It’s December- which means holiday cheer is in full swing! Music and parties and lights and laughter. The time of year happy people seem to kick up their happiness a notch or two (or ten!). It’s easy to talk about this side of the holidays- the joy and cheer and the happy people. Because who doesn’t want to talk about the good stuff. But there is another side to the holidays that also deserves some attention… the sad person’s side. The version of the holidays of those who are grieving a loss. Maybe it’s a loss of a loved one, or a job, or a relationship. The opportunities for grief are endless. Sad people and the holidays are completely awkward together. I say that as a former sad person myself. The grief and sadness are both magnified and hushed. Being surrounded by the exaggerated happiness of the holidays is a perfect reminder of exactly what is missing in a sad person’s life.

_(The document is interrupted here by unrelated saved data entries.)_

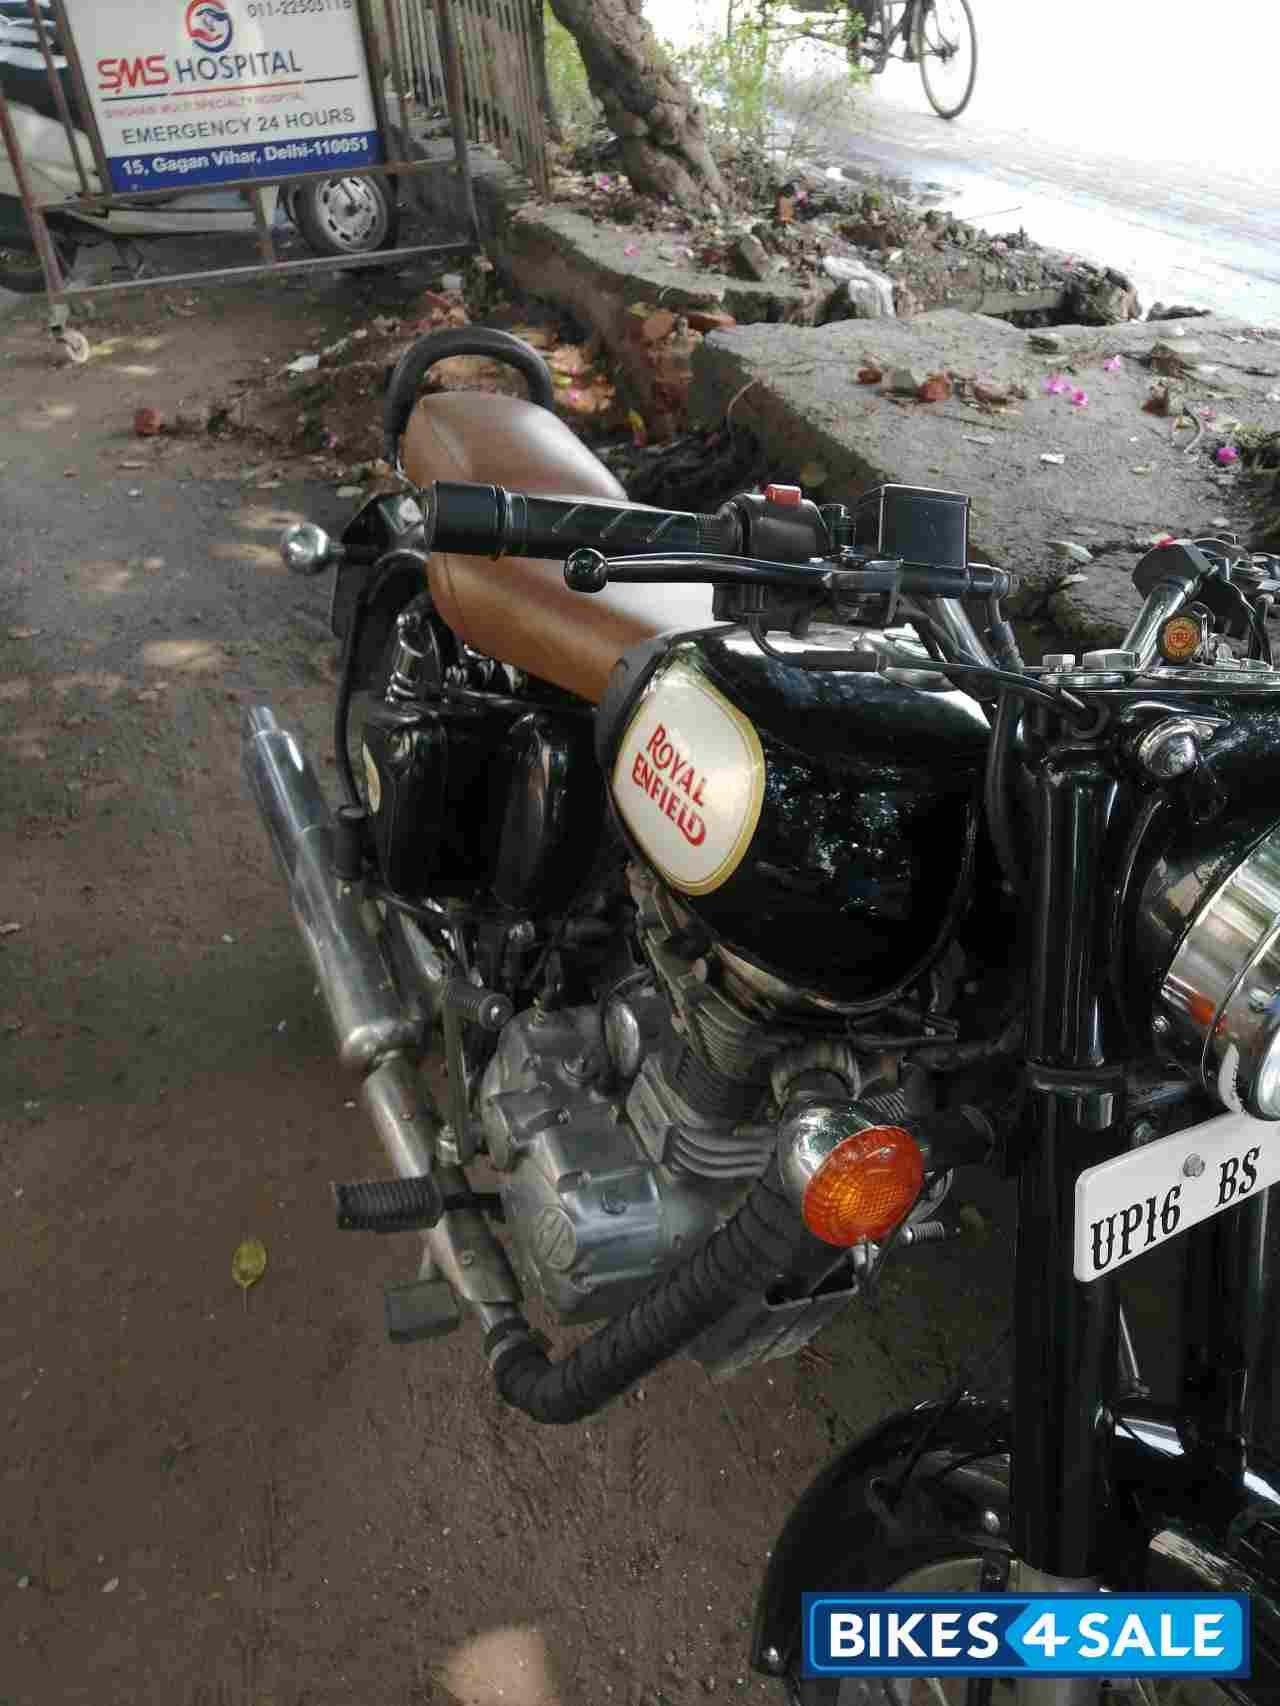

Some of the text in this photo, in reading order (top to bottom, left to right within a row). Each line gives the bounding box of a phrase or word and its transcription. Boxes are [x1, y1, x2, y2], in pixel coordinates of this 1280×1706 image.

[96, 50, 304, 94] SMS HOSPITAL
[121, 107, 356, 145] EMERGENCY 24 HOURS
[122, 160, 150, 176] 15,
[152, 155, 209, 175] Gagan
[211, 146, 262, 166] Vihar,
[646, 723, 707, 807] ROYAL
[631, 751, 707, 847] ENFIELD
[1090, 1145, 1262, 1270] UP16 BS
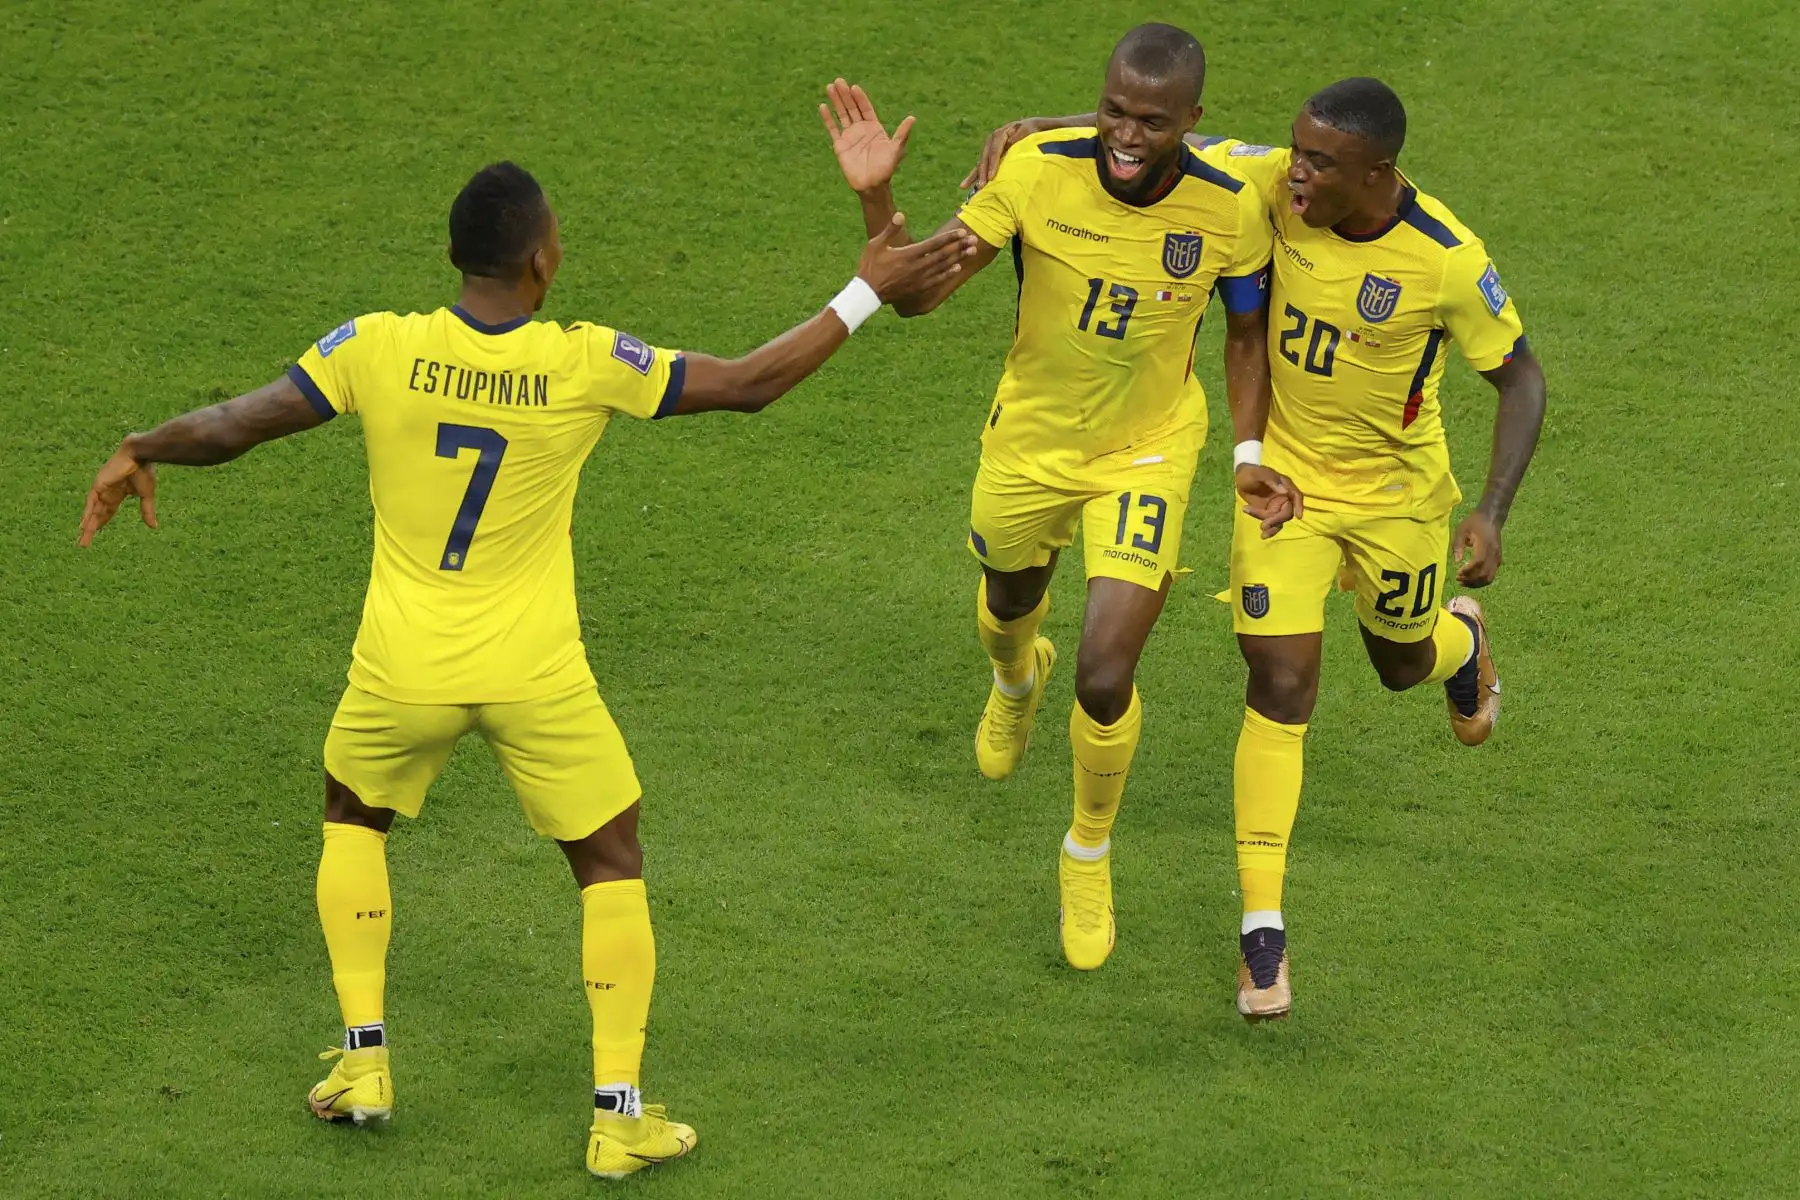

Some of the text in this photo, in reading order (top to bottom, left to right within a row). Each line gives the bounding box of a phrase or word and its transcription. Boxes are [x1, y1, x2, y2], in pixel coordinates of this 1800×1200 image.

[1046, 218, 1109, 244] marathon
[1077, 277, 1139, 341] 13
[1279, 302, 1341, 377] 20
[409, 358, 549, 407] ESTUPIÑAN
[434, 422, 509, 571] 7
[1115, 491, 1167, 555] 13
[1102, 548, 1158, 571] marathon
[1374, 563, 1437, 619] 20
[1375, 615, 1430, 630] marathon
[356, 910, 386, 919] FEF
[586, 980, 616, 990] FEF

If you are not a sad person this year, I hope these words inspire you to find empathy for the sad people in your life. They are not relatives of The Grinch. They do not want to steal Christmas. They are just very very sad. They are hurting. Be kind and gentle with them. Love them despite their sadness.
If you are a sad person this year, my heart is with you. This is for you. You matter. Your experience matters. And you deserve a little encouragement and hope about the people, dreams and memories you are grieving, while the happy people go on celebrating. You can and will get through the next few weeks.
1. Remember it’s okay to feel sad (or whatever you feel). Don’t try to avoid it. Don’t try to get over it quickly. Just notice your feelings without judgement. Be kind to your emotions while they are visiting and allow them to leave when they are ready.
2. Spend time with people (you actually want to spend time with). Being around certain family members or friends (or sometimes happy people in general) can be hard during the holidays. They forget that you are grieving or make genuine (but failed) attempts at making you cheerful, and it can be exhausting. Make efforts to spend time with people you can lean on. Maybe it’s a former roommate or a cousin. Maybe it’s another sad person who understands your need to take a break from the suffocating happiness of the happy people in your life. Whoever it is, lean on them. Let them love and support you.
3. Show some compassion (to yourself). Sad people can be really skilled at self judgement, which can be magnified when it feels like the red and green universe is conspiring against you. If you catch yourself evaluating the legitimacy or length or depth of your grief, give yourself a gentle reminder that grief is messy. It isn’t supposed to be quick or easy. And there is no right way to do it. Practice treating yourself, talking to yourself and caring for yourself the same way you would a loved one. Would you ever tell your best friend who heartbroken that he/she “shouldn’t be so sad?” Then, why on earth would you say this to yourself?!
4. Log off of Facebook (and every other social media account). The internet is flooded with selfies and pictures of the seemingly perfect christmas tree and perfect family holiday card and perfect life. These images do not resemble anything close to reality and can feel very isolating and defeating for sad people. Don’t torture yourself. Not even happy people’s life are as perfect as their Instagram page says they are. Find other sources of entertainment such as a good book, an inspirational podcast or a Netflix comedy.
5. Do something active. I know. I know!! For a sad person, physical activity sounds about as enticing as eating stale bread. But there is SOO much power, and relief and a whole bunch of other physical and mental health benefits of just moving your body. Go for a walk; get some yard work done; clean the house; dance around to your favorite jams; do some yoga. Do whatever activity you can motivate yourself to do that involves moving around.
6. You are allowed to do strange things. You want to wrap all of your presents in zebra wrapping paper because it reminds you of your late wife. Wrap all of your presents in zebra wrapping paper. Be who you are- sad and heartbroken and everything else. Do what feels right and healing for you.
7. Don’t apologize. Your loss, whatever it is, it worthy of grief.
8. Remember it doesn’t last forever. The holidays and the heartache. Neither one lasts forever. The holidays are only for a few weeks, they will be here and gone. The same is true for that feeling you have right now. There is light at the end of the tunnel.
9. You are not alone. You are not alone! You are not alone! You are not alone! You need other people around you as much as your need air to breathe. It’s important to talk about your feelings and experiences. You need to listen to other sad people share their grief. Seek out love and support. Join a grief group. See a therapist. Give yourself the gift of healing this holiday season.